■ What the task asks ■
Please repeat the records exactly. The pictures are to be left out.

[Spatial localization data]
____________________

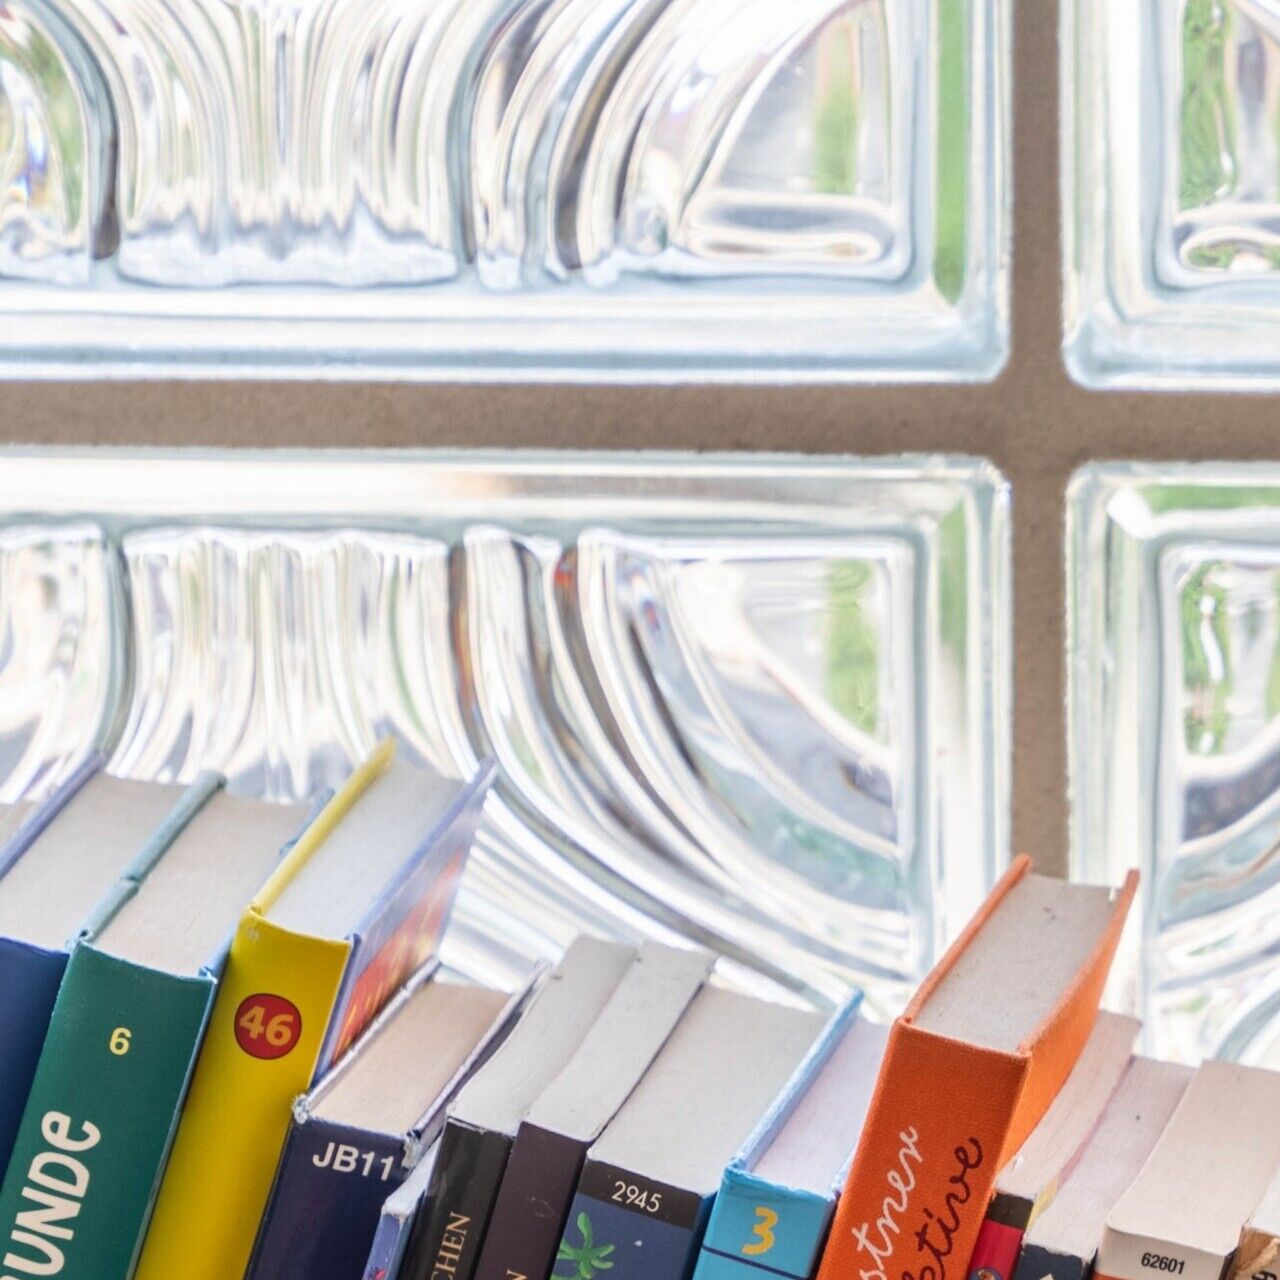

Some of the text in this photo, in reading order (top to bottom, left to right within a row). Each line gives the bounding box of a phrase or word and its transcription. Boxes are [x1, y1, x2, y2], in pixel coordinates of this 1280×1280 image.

[238, 1005, 294, 1047] 46
[312, 1142, 394, 1180] JB11
[611, 1182, 660, 1213] 2945
[742, 1207, 779, 1255] 3
[1140, 1251, 1185, 1276] 62601

____________________

■ Answer to the exercise ■
Some of the text in this photo, in reading order (top to bottom, left to right within a row). Each line gives the bounding box of a phrase or word and its transcription. Boxes are [x1, y1, x2, y2], in pixel coordinates of this 1280×1280 image.

[238, 1005, 294, 1047] 46
[312, 1142, 394, 1180] JB11
[611, 1182, 660, 1213] 2945
[742, 1207, 779, 1255] 3
[1140, 1251, 1185, 1276] 62601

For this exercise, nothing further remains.